- _Exercise_: A faithful copy of all the data is the goal; omit the pictures.

- _Material for the task_:
=== Section Start ===
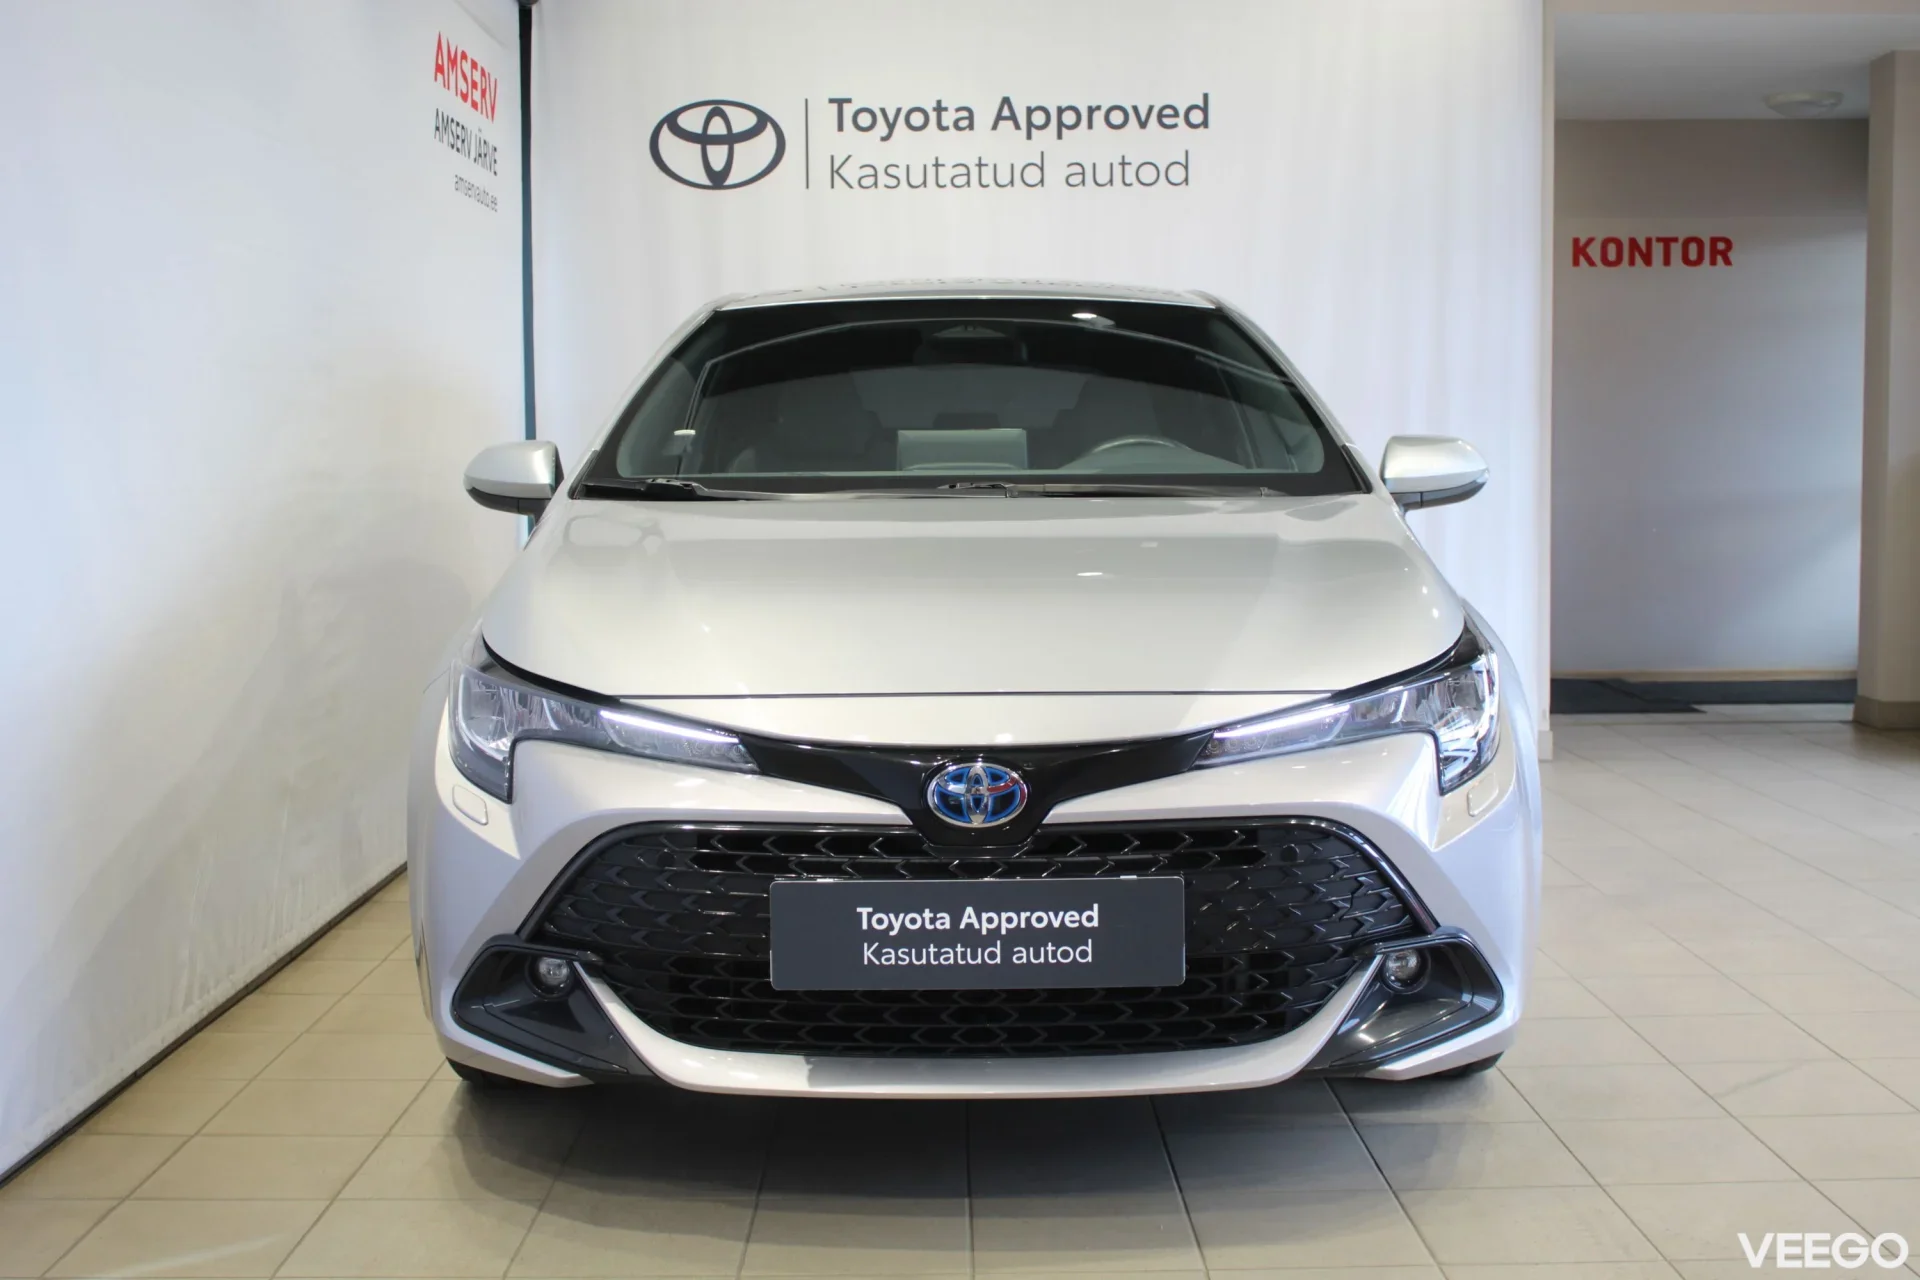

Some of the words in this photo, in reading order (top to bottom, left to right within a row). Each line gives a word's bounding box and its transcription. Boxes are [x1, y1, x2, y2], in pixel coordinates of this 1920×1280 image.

[434, 31, 498, 123] AMSERV
[828, 97, 976, 142] Toyota
[991, 93, 1211, 141] Approved
[434, 108, 473, 160] AMSERV
[473, 127, 498, 177] JÄRVE
[829, 151, 1045, 189] Kasutatud
[1064, 150, 1190, 188] autod
[1571, 236, 1734, 268] KONTOR
[856, 907, 951, 936] Toyota
[959, 904, 1100, 935] Approved
[862, 940, 1001, 966] Kasutatud
[1012, 939, 1093, 964] autod
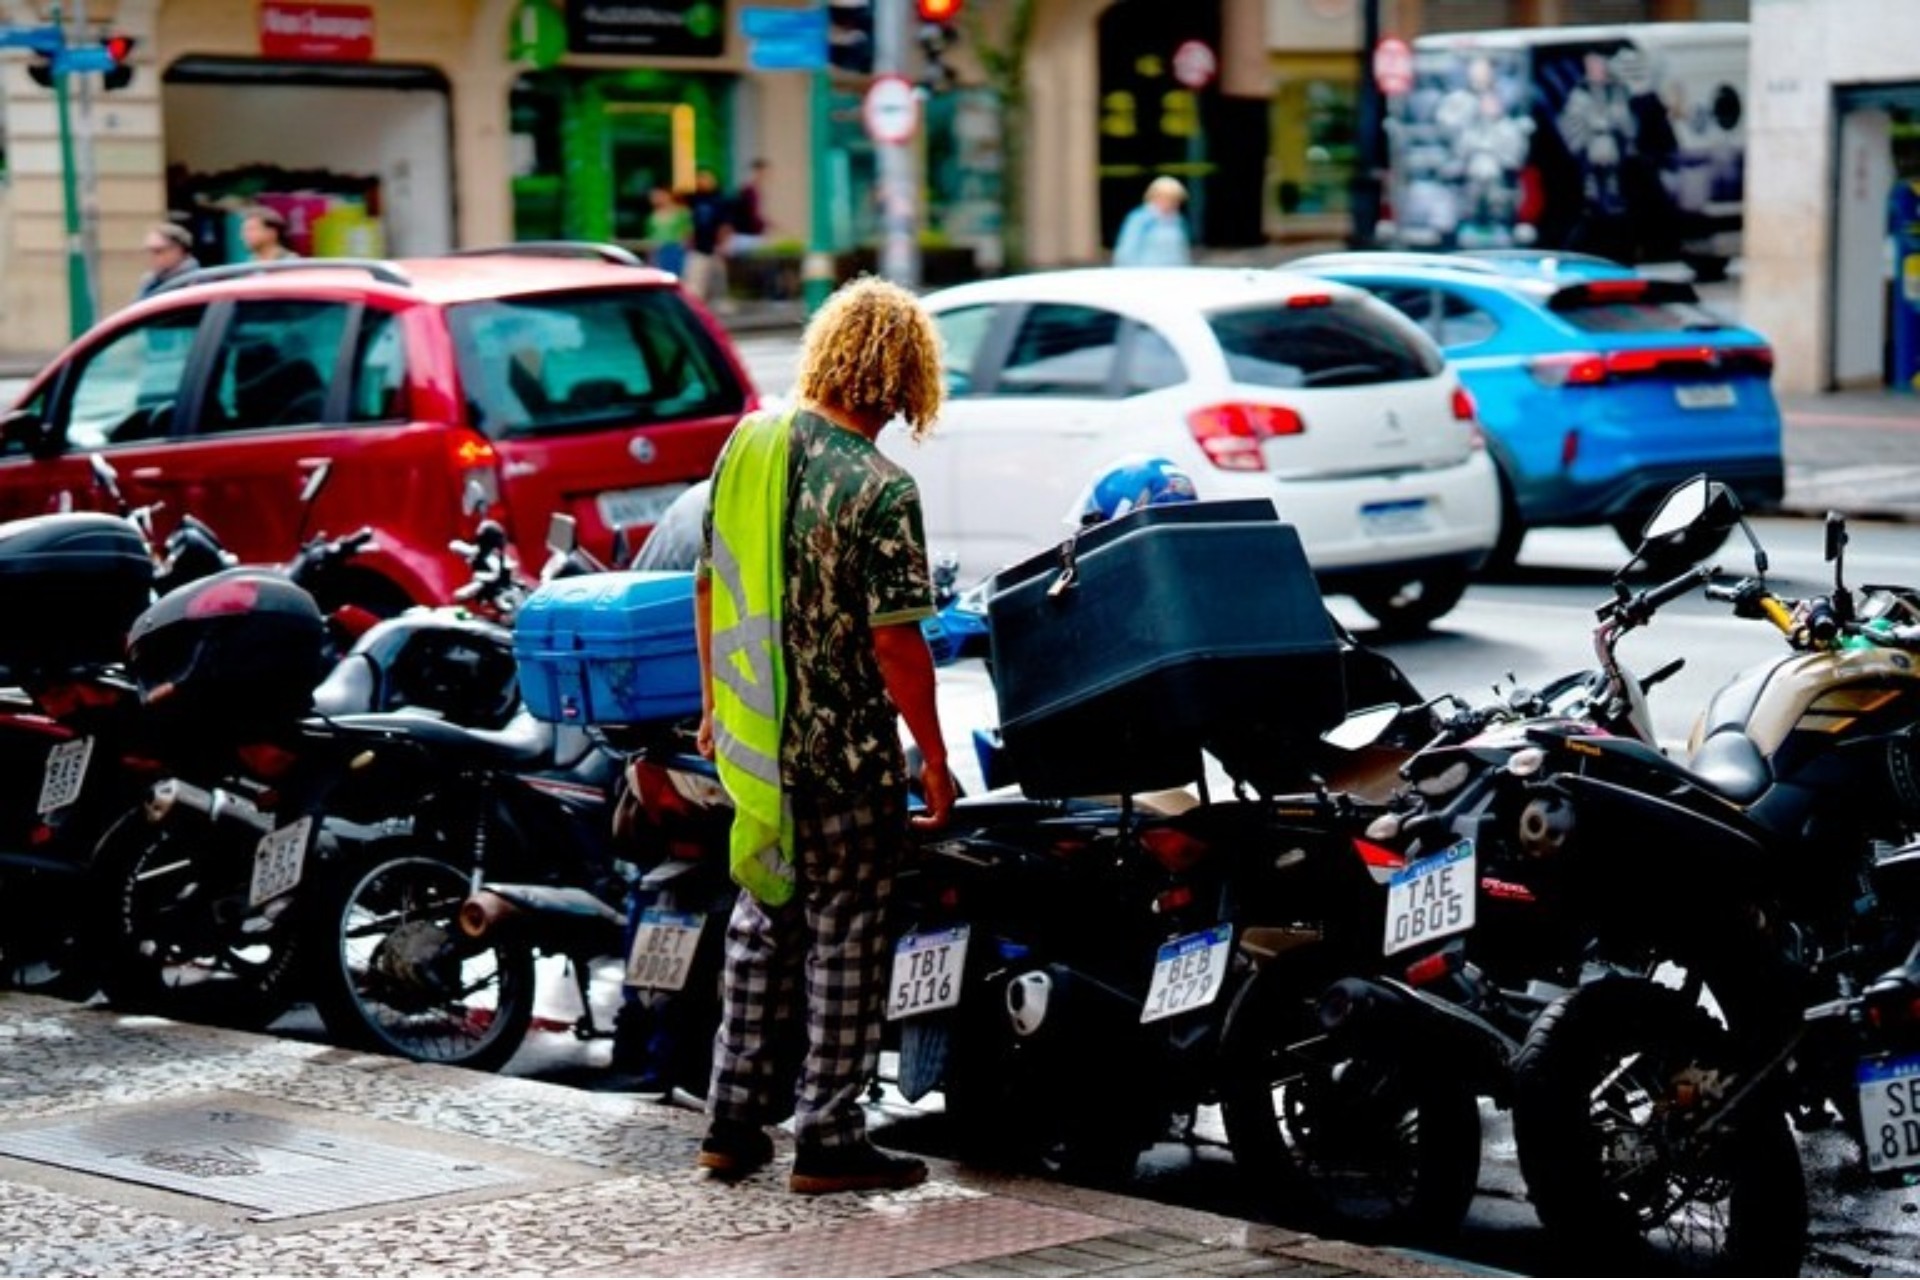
=== Section End ===
- _Completed task_:
Some of the words in this photo, in reading order (top to bottom, left to right within a row). Each line gives a word's bounding box and its transcription. Boxes are [x1, y1, x2, y2], in pixel coordinates of this 1920×1280 image.

[434, 31, 498, 123] AMSERV
[828, 97, 976, 142] Toyota
[991, 93, 1211, 141] Approved
[434, 108, 473, 160] AMSERV
[473, 127, 498, 177] JÄRVE
[829, 151, 1045, 189] Kasutatud
[1064, 150, 1190, 188] autod
[1571, 236, 1734, 268] KONTOR
[856, 907, 951, 936] Toyota
[959, 904, 1100, 935] Approved
[862, 940, 1001, 966] Kasutatud
[1012, 939, 1093, 964] autod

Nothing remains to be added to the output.